Siss is a psychologist from City of God who also leads a shelter project, Casa Dona Amélia, with conversation circles and cultural activities. She said that during our conversation, she reflected on certain issues for the first time, because there are many urgent demands from neighbors and children for whom she cares. Her vision, in one sense, was positive. As a mental health professional, Siss believes that all of us will exit this moment with new learning. For her, “that may be learning a new technique, a new tool, learning how to produce things with efficiency and quality in a new scenario or even with a new awareness, because we were never so forced to be with ourselves as we are now. We do not have the option of escaping what makes us uncomfortable, as before. Because of this, we are invited to look at ourselves. All of this individual comfort will point us collectively to a place that I do not yet know,” she reflected.

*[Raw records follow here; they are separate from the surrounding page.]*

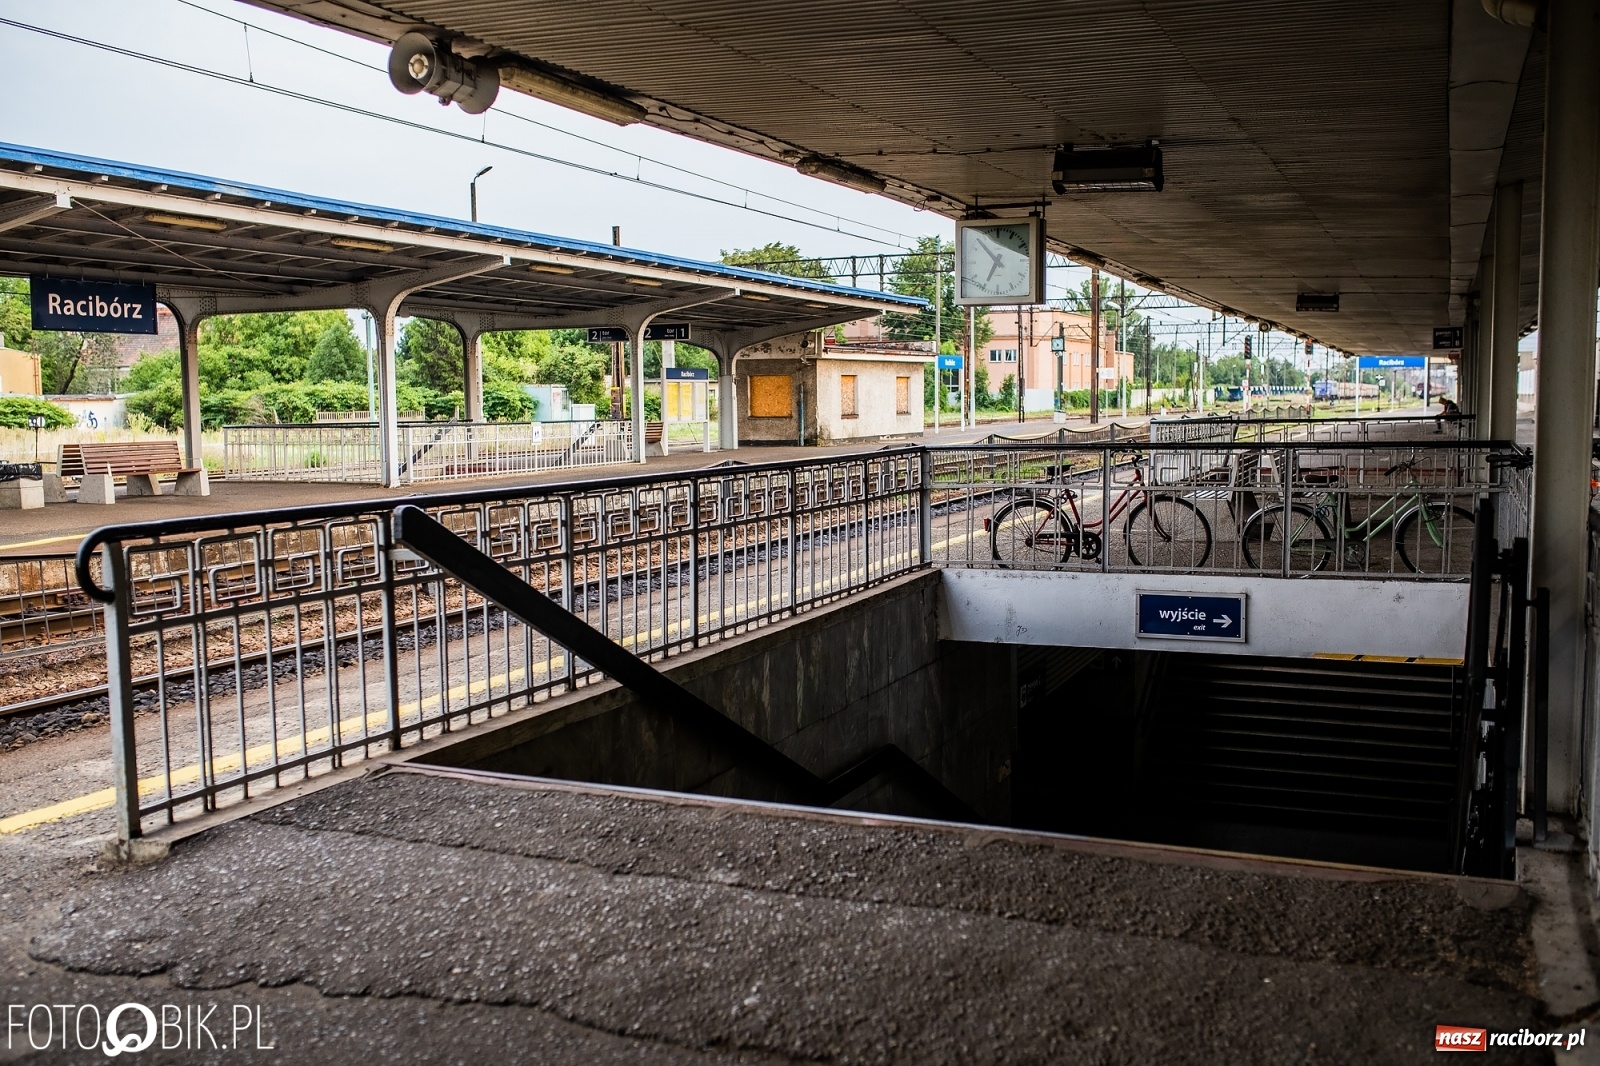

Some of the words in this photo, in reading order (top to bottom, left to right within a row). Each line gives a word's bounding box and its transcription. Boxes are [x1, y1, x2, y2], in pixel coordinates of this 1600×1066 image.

[47, 292, 143, 319] Racibórz
[592, 331, 598, 340] 2
[644, 328, 652, 338] 2
[680, 328, 685, 338] 1
[1159, 608, 1207, 622] wyjście
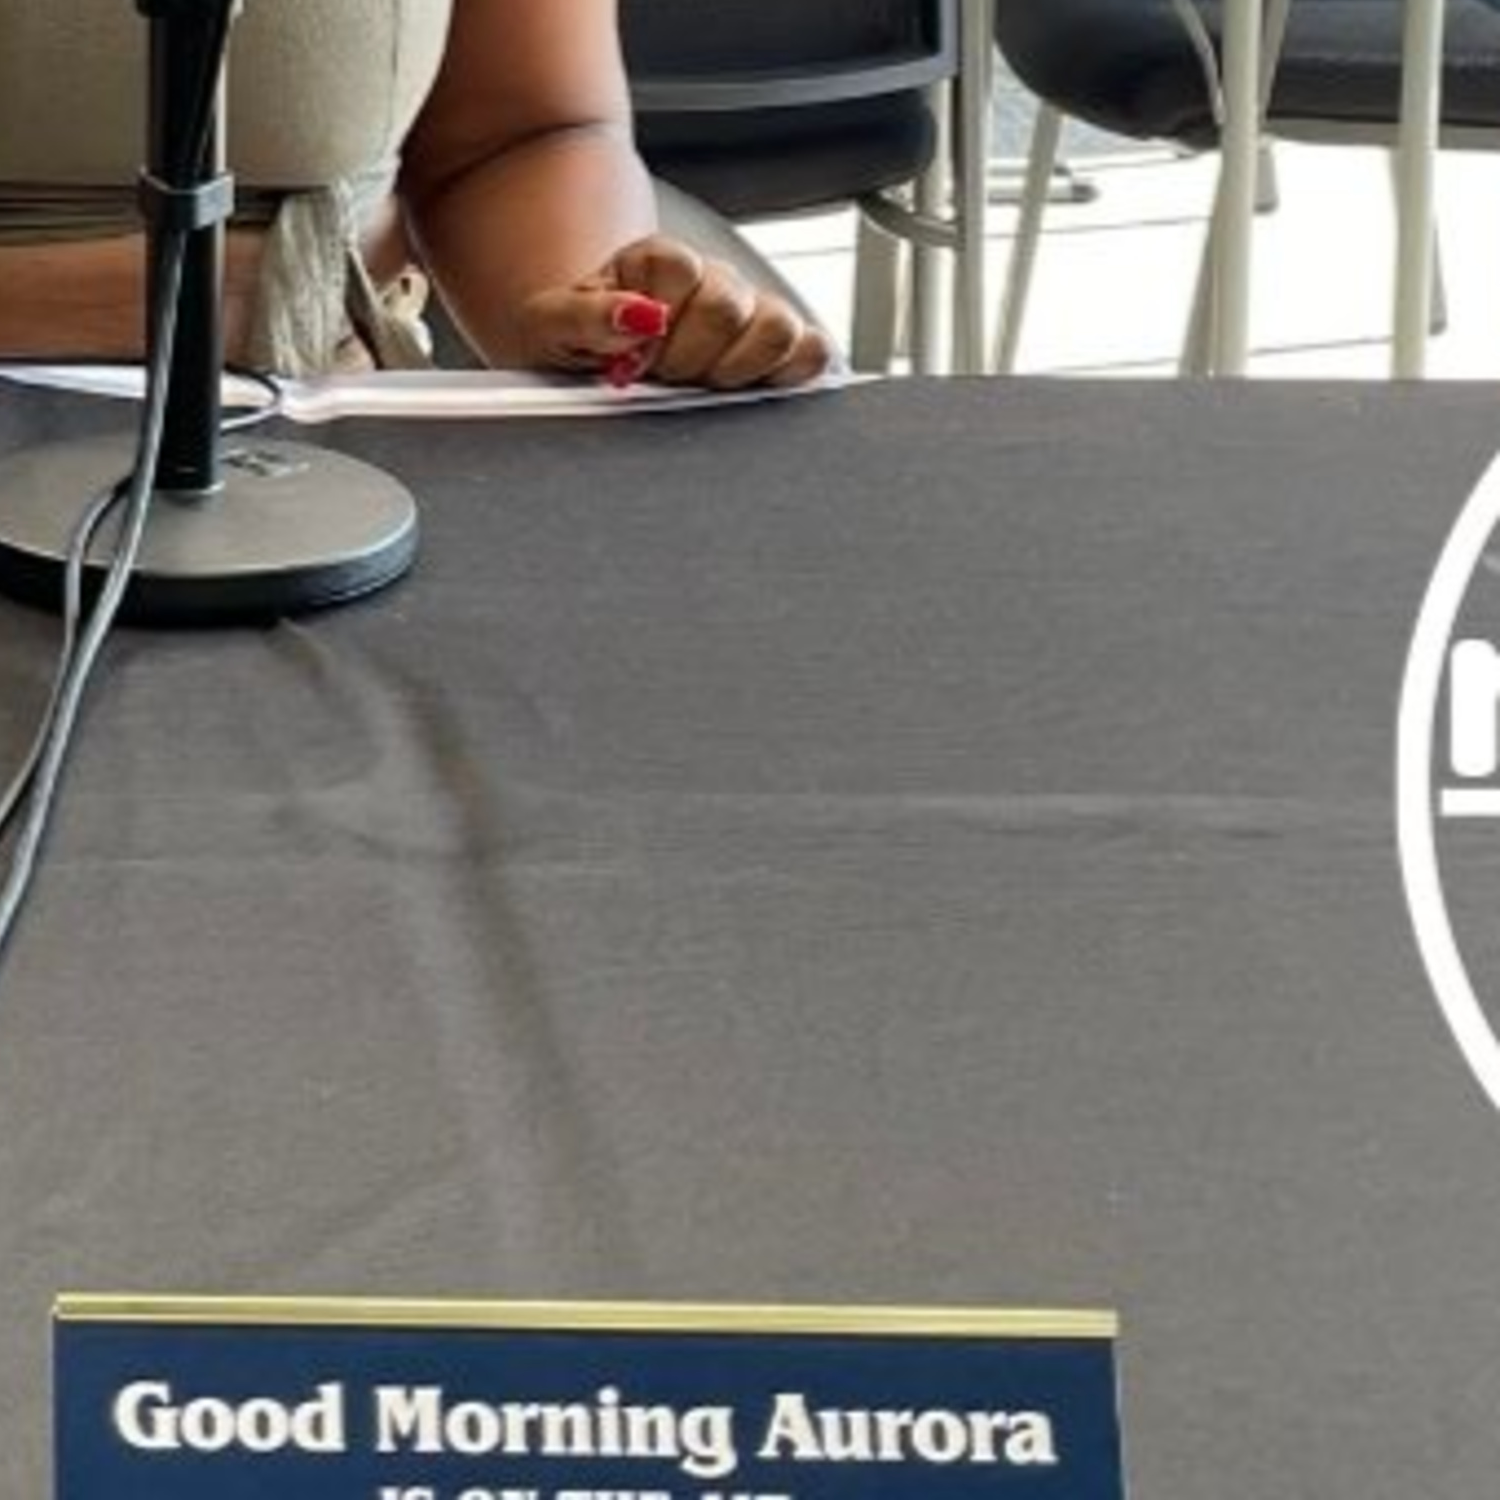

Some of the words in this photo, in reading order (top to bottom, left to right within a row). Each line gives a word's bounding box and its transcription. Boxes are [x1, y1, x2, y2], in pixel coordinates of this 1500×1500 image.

[112, 1381, 345, 1451] Good
[374, 1386, 736, 1477] Morning
[756, 1393, 1057, 1464] Aurora

The lack of public facilities to guarantee basic social rights to residents of favelas and peripheries was a point raised by Siss. She called attention to the low numbers of Centers of Reference for Social Assistance (CRAS) in the City of God region. The only facility that serves the surrounding area has a mere two psychologists for seven neighborhoods. For the psychologist, if there were more facilities for social assistance, access to information would be more effective and the demand for emergency aid would be better met.
Siss pointed out that the CRAS network in cities like Rio de Janeiro, Nova Iguaçu, and São Gonçalo operates far over capacity. The norms of attendance establish that each center serves a maximum of 5,000 families. Finally, she cited the budget issue. The budget is a key element for public policies to be able to confront inequality. However, Constitutional Amendment 95, a 20-year austerity ceiling imposed on government spending starting in 2016, has forced limits the national budget for investment in health and education.

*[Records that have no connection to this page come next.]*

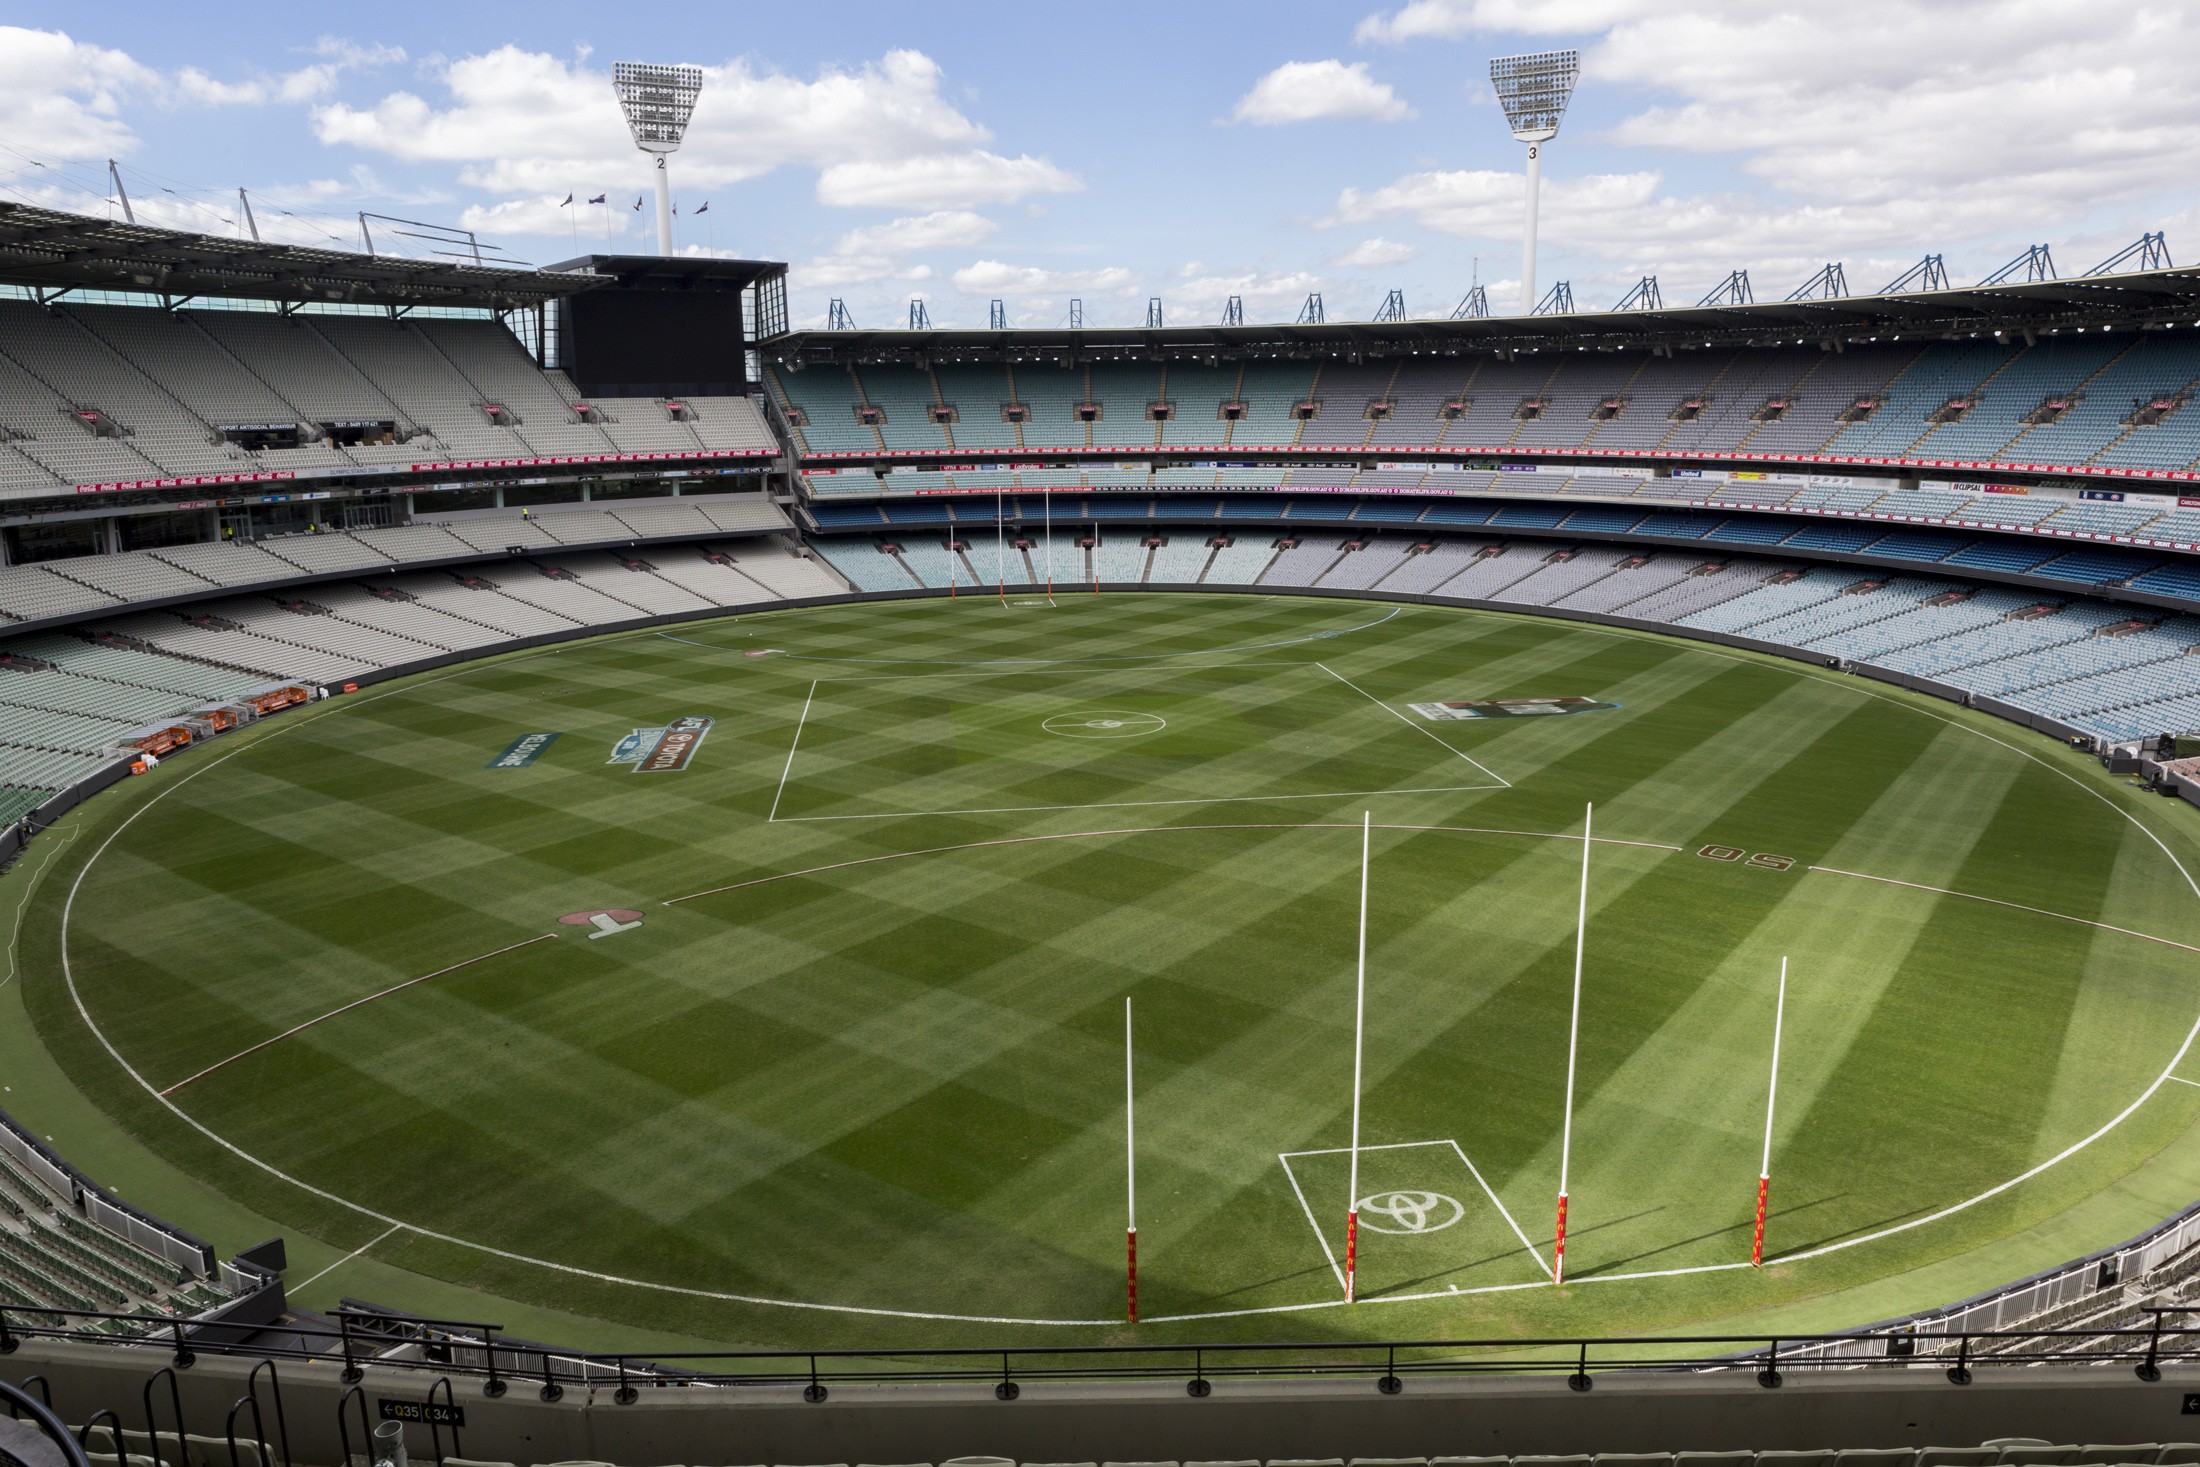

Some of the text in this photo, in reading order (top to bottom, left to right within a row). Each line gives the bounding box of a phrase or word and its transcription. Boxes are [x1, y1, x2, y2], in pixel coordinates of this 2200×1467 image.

[1528, 147, 1537, 159] 3
[657, 158, 665, 169] 2
[1958, 483, 1981, 491] CLIPSAL
[678, 717, 704, 731] AFL
[651, 743, 686, 769] TOYOTA
[394, 1405, 419, 1418] Q35

The coronavirus pandemic brought changes that can be incorporated for good into our routines. Remote work, as a strategy for reducing spending, can be adopted as a rule in some areas. However, it can create more precariousness in market relationships. The use of masks has become part of our wardrobe. Cleaning foods and spraying alcohol on materials that were bought out on the street certainly will also become part of new routines of life. However, as revealed in the comments of these favela leaders, the pandemic shows the need for a different way of living, beyond small changes in daily habits, for example by rethinking access to food and access to health facilities, and fighting to guarantee the minimum for people who do not have economic conditions for survival. Covid-19 did not produce any inequalities. The pandemic just accentuated old problems.
The post-pandemic, a period of mourning and respect for the dead, will also demand a march in search of the affirmation of rights. Almeida, Silva, and Siss have attentive eyes and will always be debating, discussing, and proposing solutions. For them, the territorialization of public policies is fundamental, as well as creating new possibilities, new paradigms that, with creativity, seek to deal with specific questions of each territory.
Thábara Garcia, a resident of Magé, a city in greater Rio’s Baixada Fluminense area, is a teacher and a member of the collective Baixada Women’s Circle (Roda de Mulheres da Baixada).